Concentration Dependent Kinetics for Inhibition of Acetylcholinesterase by Paraoxon

The interaction of the anticholinesterase organophosphorus compounds with acetylcholinesterase has been regularly characterized as a straightforward phosphylation of the active site serine (Ser‐203) which can be described kinetically by the rate inhibitory rate constant k i . However, more recently certain kinetic complexities in the inhibition of acetylcholinesterase by organophosphates such as paraoxon ( O , O ‐diethyl O ‐( p ‐nitrophenyl) phosphate) have raised questions regarding the adequacy of the kinetic scheme on which k i is based. The present report documents conditions in which the inhibitory capacity of paraoxon towards human recombinant acetylcholinesterase appears to change as a function of oxon concentration (as evidenced by a changing k i ), with the inhibitory capacity of individual oxon molecules increasing at lower oxon concentrations. Computer models for the inhibition of acetylcholinesterase based on the k i scheme, as well as an Ordered Uni Bi reaction scheme from which the k i scheme was derived, were unable to accurately simulate inhibition by paraoxon at both high (100 nM) and low (78 pM) concentrations without allowing for changes in the values of certain kinetic parameters.

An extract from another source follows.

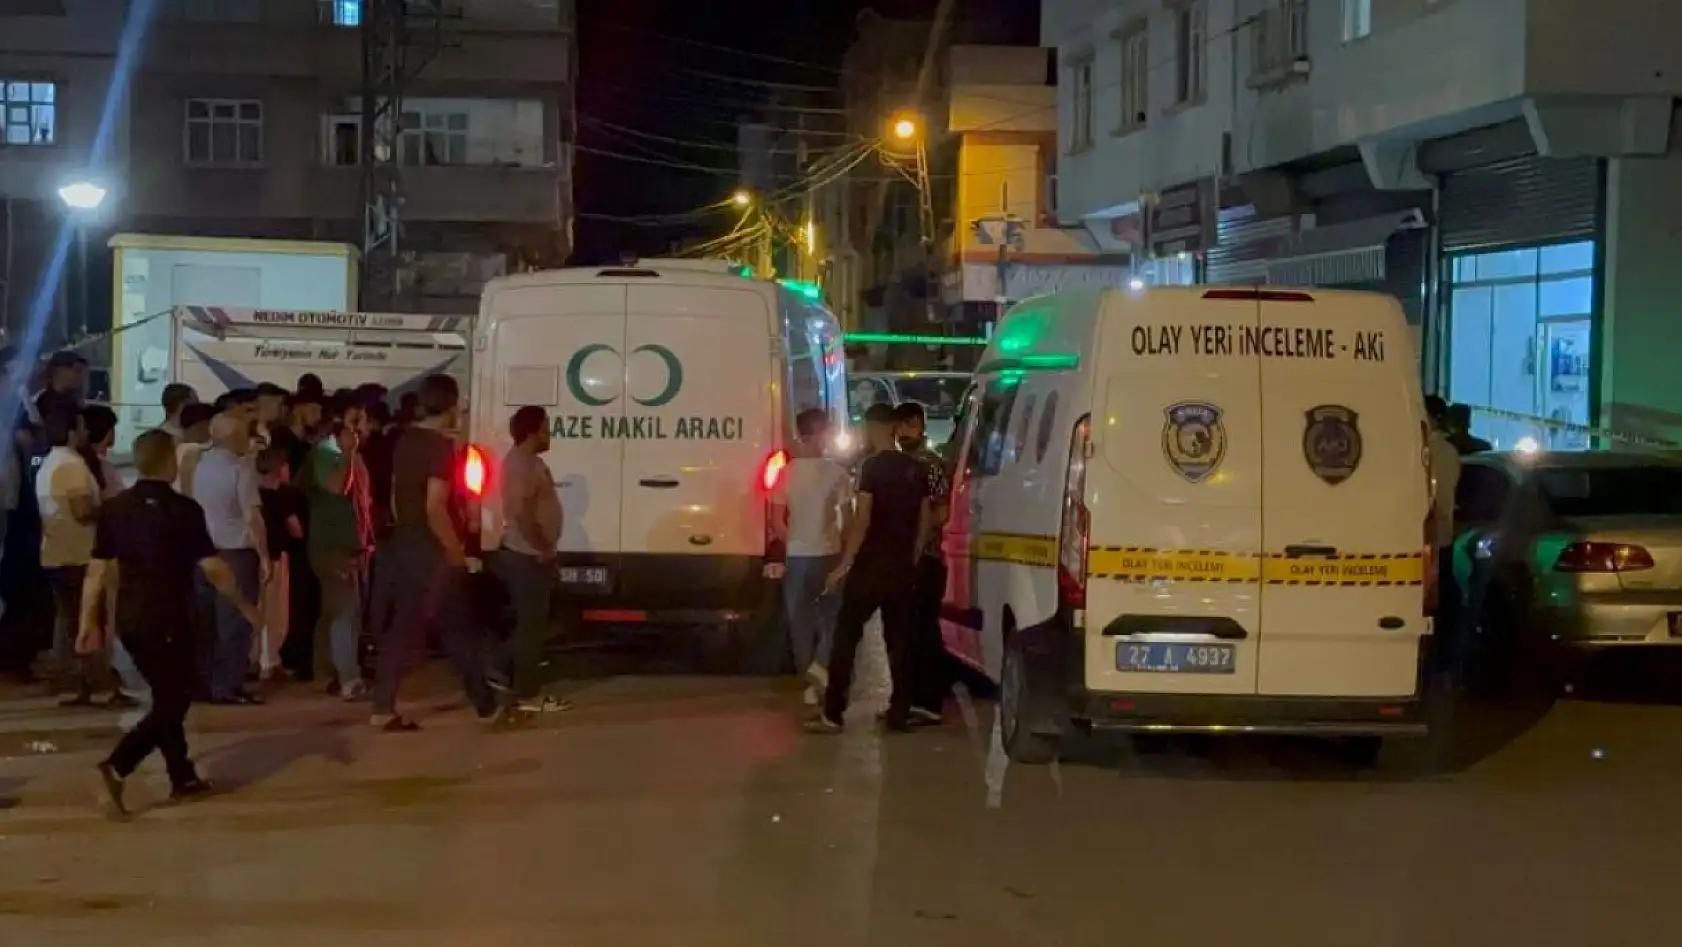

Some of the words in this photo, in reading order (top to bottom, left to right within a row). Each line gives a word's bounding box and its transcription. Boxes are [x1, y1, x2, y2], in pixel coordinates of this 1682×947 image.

[1131, 325, 1182, 356] OLAY
[674, 416, 744, 440] ARACI
[1129, 645, 1151, 665] 27

For example, with the Ordered Uni Bi reaction scheme, adjusting the binding constants and/or the phosphorylation constant in a concentration‐dependent manner resulted in accurate simulations of the inhibition of acetylcholinesterase over a wide range of paraoxon concentrations. Conversely, alterations in the reactivation of phosphorylated enzyme had little effect on the simulated inhibition profiles. (Supported in part by grant ES012648 from NIEHS).